-------- Material shown --------
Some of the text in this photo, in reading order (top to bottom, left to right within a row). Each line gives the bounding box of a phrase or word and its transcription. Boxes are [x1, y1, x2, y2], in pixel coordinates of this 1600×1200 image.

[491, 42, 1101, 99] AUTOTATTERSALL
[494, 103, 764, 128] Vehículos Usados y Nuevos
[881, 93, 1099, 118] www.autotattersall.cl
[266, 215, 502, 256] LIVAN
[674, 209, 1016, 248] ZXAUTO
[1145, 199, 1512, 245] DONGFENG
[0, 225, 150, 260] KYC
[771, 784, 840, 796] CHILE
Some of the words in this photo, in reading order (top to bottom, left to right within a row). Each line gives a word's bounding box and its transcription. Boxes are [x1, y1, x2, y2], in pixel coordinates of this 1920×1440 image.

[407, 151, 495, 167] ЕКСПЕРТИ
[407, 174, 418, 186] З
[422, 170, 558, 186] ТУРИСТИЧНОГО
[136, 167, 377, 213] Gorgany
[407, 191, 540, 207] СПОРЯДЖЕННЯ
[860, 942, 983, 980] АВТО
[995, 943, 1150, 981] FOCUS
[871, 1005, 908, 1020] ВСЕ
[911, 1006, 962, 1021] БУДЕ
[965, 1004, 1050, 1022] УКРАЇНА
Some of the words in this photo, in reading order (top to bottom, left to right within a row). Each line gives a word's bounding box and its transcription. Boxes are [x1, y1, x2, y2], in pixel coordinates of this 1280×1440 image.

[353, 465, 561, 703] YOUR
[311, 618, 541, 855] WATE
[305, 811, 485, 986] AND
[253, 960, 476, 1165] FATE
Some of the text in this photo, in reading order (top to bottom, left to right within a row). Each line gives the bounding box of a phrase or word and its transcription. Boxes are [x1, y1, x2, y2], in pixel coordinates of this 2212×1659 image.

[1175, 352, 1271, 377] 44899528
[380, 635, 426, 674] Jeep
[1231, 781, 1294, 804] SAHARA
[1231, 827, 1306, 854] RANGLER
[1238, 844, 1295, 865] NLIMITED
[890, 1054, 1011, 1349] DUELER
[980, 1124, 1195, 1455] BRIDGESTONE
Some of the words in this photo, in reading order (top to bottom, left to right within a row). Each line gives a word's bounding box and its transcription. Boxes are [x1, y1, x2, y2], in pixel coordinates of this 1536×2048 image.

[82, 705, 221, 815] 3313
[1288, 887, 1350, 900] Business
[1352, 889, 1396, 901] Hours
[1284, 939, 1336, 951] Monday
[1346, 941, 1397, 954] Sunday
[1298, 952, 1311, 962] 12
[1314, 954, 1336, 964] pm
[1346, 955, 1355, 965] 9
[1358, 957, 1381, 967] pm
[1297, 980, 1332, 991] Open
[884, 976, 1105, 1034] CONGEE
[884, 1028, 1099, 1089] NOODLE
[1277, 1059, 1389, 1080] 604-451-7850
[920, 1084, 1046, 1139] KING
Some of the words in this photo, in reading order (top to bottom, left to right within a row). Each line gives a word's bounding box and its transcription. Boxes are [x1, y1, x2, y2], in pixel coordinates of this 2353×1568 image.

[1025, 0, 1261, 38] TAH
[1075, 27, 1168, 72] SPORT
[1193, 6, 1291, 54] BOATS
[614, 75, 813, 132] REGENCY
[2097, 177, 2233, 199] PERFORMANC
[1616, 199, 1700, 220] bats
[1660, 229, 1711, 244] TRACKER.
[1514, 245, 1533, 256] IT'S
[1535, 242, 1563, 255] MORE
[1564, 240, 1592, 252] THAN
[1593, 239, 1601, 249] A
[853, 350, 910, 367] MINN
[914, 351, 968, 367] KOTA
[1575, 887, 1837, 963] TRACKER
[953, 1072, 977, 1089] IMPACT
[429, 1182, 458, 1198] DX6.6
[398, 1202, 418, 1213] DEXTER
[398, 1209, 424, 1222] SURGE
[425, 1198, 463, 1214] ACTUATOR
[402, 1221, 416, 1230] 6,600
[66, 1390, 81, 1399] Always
--------
▶ Problem to solve: An unaltered transcription of all the data above is needed.

▶ The completed task:
Some of the text in this photo, in reading order (top to bottom, left to right within a row). Each line gives the bounding box of a phrase or word and its transcription. Boxes are [x1, y1, x2, y2], in pixel coordinates of this 1600×1200 image.

[491, 42, 1101, 99] AUTOTATTERSALL
[494, 103, 764, 128] Vehículos Usados y Nuevos
[881, 93, 1099, 118] www.autotattersall.cl
[266, 215, 502, 256] LIVAN
[674, 209, 1016, 248] ZXAUTO
[1145, 199, 1512, 245] DONGFENG
[0, 225, 150, 260] KYC
[771, 784, 840, 796] CHILE
Some of the words in this photo, in reading order (top to bottom, left to right within a row). Each line gives a word's bounding box and its transcription. Boxes are [x1, y1, x2, y2], in pixel coordinates of this 1920×1440 image.

[407, 151, 495, 167] ЕКСПЕРТИ
[407, 174, 418, 186] З
[422, 170, 558, 186] ТУРИСТИЧНОГО
[136, 167, 377, 213] Gorgany
[407, 191, 540, 207] СПОРЯДЖЕННЯ
[860, 942, 983, 980] АВТО
[995, 943, 1150, 981] FOCUS
[871, 1005, 908, 1020] ВСЕ
[911, 1006, 962, 1021] БУДЕ
[965, 1004, 1050, 1022] УКРАЇНА
Some of the words in this photo, in reading order (top to bottom, left to right within a row). Each line gives a word's bounding box and its transcription. Boxes are [x1, y1, x2, y2], in pixel coordinates of this 1280×1440 image.

[353, 465, 561, 703] YOUR
[311, 618, 541, 855] WATE
[305, 811, 485, 986] AND
[253, 960, 476, 1165] FATE
Some of the text in this photo, in reading order (top to bottom, left to right within a row). Each line gives the bounding box of a phrase or word and its transcription. Boxes are [x1, y1, x2, y2], in pixel coordinates of this 2212×1659 image.

[1175, 352, 1271, 377] 44899528
[380, 635, 426, 674] Jeep
[1231, 781, 1294, 804] SAHARA
[1231, 827, 1306, 854] RANGLER
[1238, 844, 1295, 865] NLIMITED
[890, 1054, 1011, 1349] DUELER
[980, 1124, 1195, 1455] BRIDGESTONE
Some of the words in this photo, in reading order (top to bottom, left to right within a row). Each line gives a word's bounding box and its transcription. Boxes are [x1, y1, x2, y2], in pixel coordinates of this 1536×2048 image.

[82, 705, 221, 815] 3313
[1288, 887, 1350, 900] Business
[1352, 889, 1396, 901] Hours
[1284, 939, 1336, 951] Monday
[1346, 941, 1397, 954] Sunday
[1298, 952, 1311, 962] 12
[1314, 954, 1336, 964] pm
[1346, 955, 1355, 965] 9
[1358, 957, 1381, 967] pm
[1297, 980, 1332, 991] Open
[884, 976, 1105, 1034] CONGEE
[884, 1028, 1099, 1089] NOODLE
[1277, 1059, 1389, 1080] 604-451-7850
[920, 1084, 1046, 1139] KING
Some of the words in this photo, in reading order (top to bottom, left to right within a row). Each line gives a word's bounding box and its transcription. Boxes are [x1, y1, x2, y2], in pixel coordinates of this 2353×1568 image.

[1025, 0, 1261, 38] TAH
[1075, 27, 1168, 72] SPORT
[1193, 6, 1291, 54] BOATS
[614, 75, 813, 132] REGENCY
[2097, 177, 2233, 199] PERFORMANC
[1616, 199, 1700, 220] bats
[1660, 229, 1711, 244] TRACKER.
[1514, 245, 1533, 256] IT'S
[1535, 242, 1563, 255] MORE
[1564, 240, 1592, 252] THAN
[1593, 239, 1601, 249] A
[853, 350, 910, 367] MINN
[914, 351, 968, 367] KOTA
[1575, 887, 1837, 963] TRACKER
[953, 1072, 977, 1089] IMPACT
[429, 1182, 458, 1198] DX6.6
[398, 1202, 418, 1213] DEXTER
[398, 1209, 424, 1222] SURGE
[425, 1198, 463, 1214] ACTUATOR
[402, 1221, 416, 1230] 6,600
[66, 1390, 81, 1399] Always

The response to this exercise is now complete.